To assess the 1-min sit-to-stand test (1STS) test–retest reliability and construct validity and its associated cardiorespiratory response in comparison to the 6-min walk test (6MWT) and symptom-limited cycling cardiopulmonary exercise test (CPET) in people with interstitial lung disease (ILD).
Fifteen participants with ILD performed two 1STS tests, a 6MWT and a CPET. The three tests were administered on three separate visits, and cardiorespiratory parameters were continuously recorded during the tests.
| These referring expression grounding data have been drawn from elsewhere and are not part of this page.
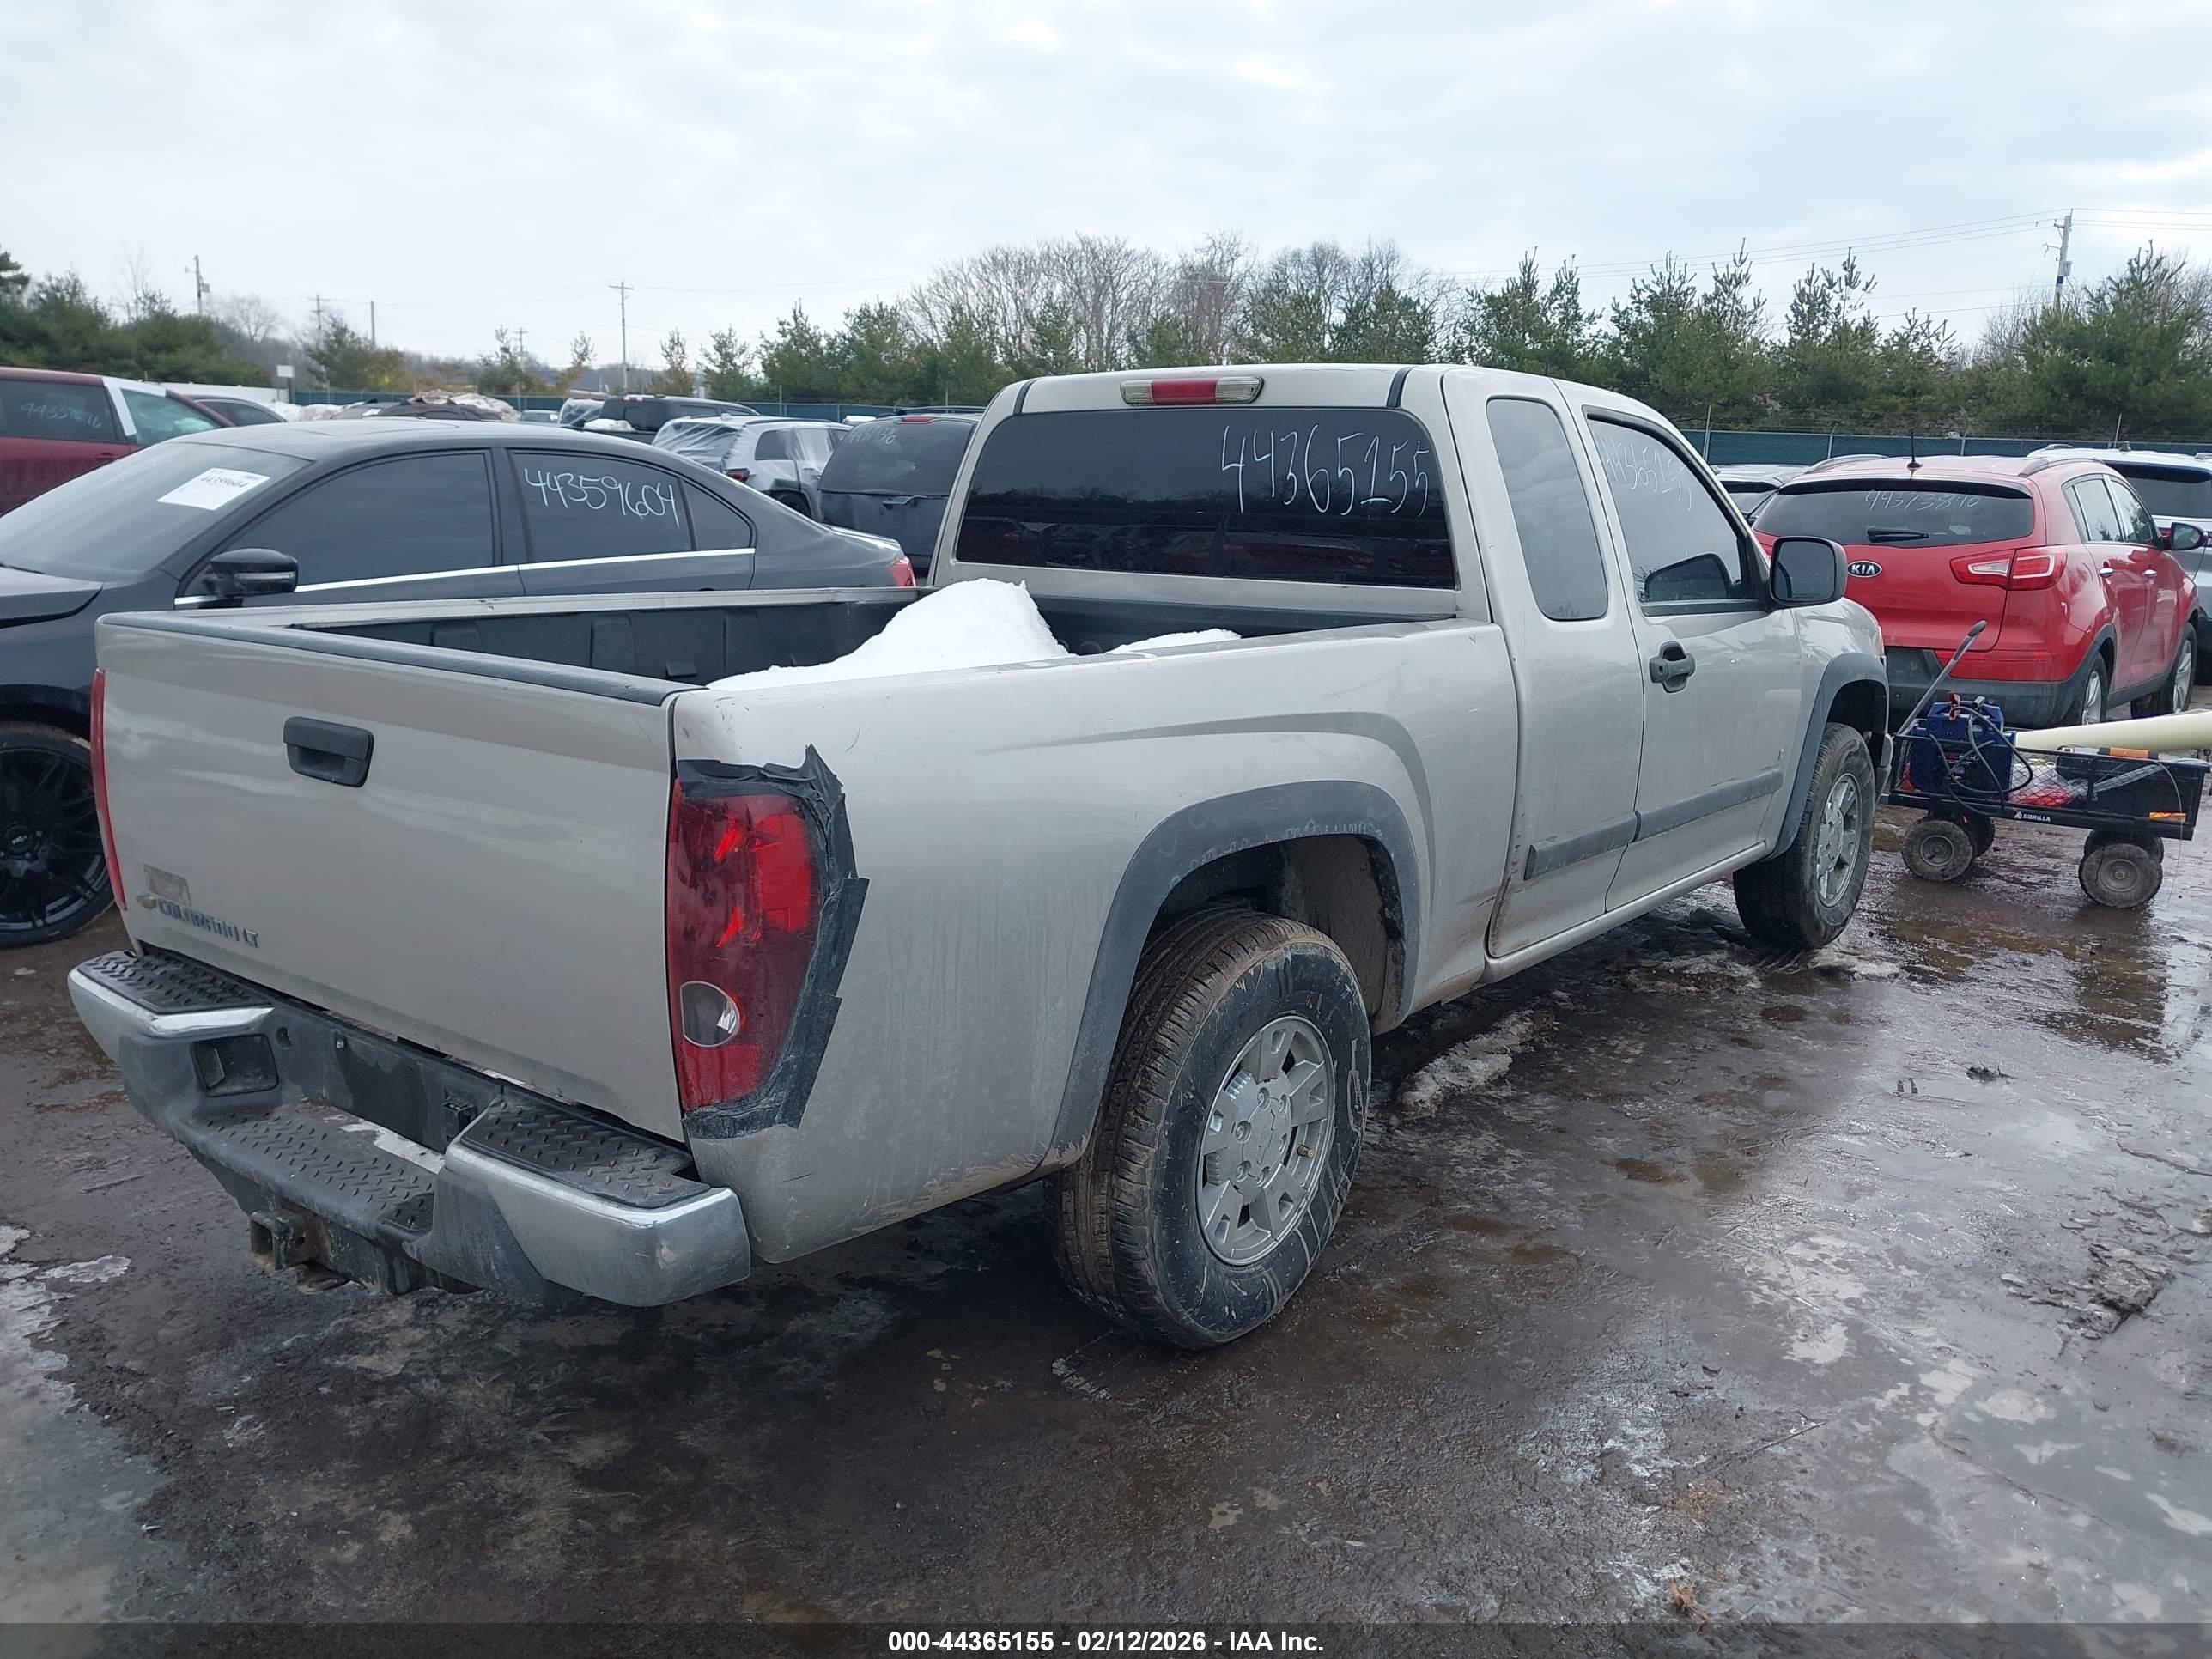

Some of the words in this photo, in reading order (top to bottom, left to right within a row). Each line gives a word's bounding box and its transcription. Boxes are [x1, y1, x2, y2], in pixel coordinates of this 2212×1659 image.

[1221, 424, 1430, 517] 44365155
[524, 468, 680, 528] 44359604
[1865, 489, 1982, 512] 44373840
[1851, 564, 1876, 575] KIA
[241, 927, 259, 949] LT
The number of repetitions during both 1STS tests was 22 ± 4 and 22 ± 4 (mean difference of 0.53 ± 2.00 repetitions, P = 0.32) with an intraclass correlation of 0.937 (95% confidence interval, 0.811–0.979]) and a minimal detectable change of 2.9 repetitions. The number of 1STS repetitions was highly correlated with the 6MWT distance (r = 0.823, P < 0.001) and with the peak cycling power output expressed in % predicted values (r = 0.706, P < 0.003). Oxygen consumption (V˙O2) peak during the 1STS reached 83% and 78% of V˙O2 peak during 6MWT and CPET, respectively. Peak 1STS HR, minute ventilation (V˙E,), V˙O2 values, as well as nadir SpO2 were achieved during the recovery phase of the test, whereas peak 6MWT and CPET HR, V˙E, V˙O2 and nadir SpO2 always occurred at the end of the test. The three tests elicited a similar fall in SpO2 ranging between 8% and 12%. Symptom scores after the 1STS were similar to those seen at the end of the 6MWT but lower than those of CPET.
The 1STS showed excellent test–retest reliability in patients with ILD in whom it elicited a substantial, but submaximal cardiorespiratory response. Our data also support the construct validity of the 1STS to assess functional exercise capacity in patients with ILD and to detect exercise-induced O2 desaturation.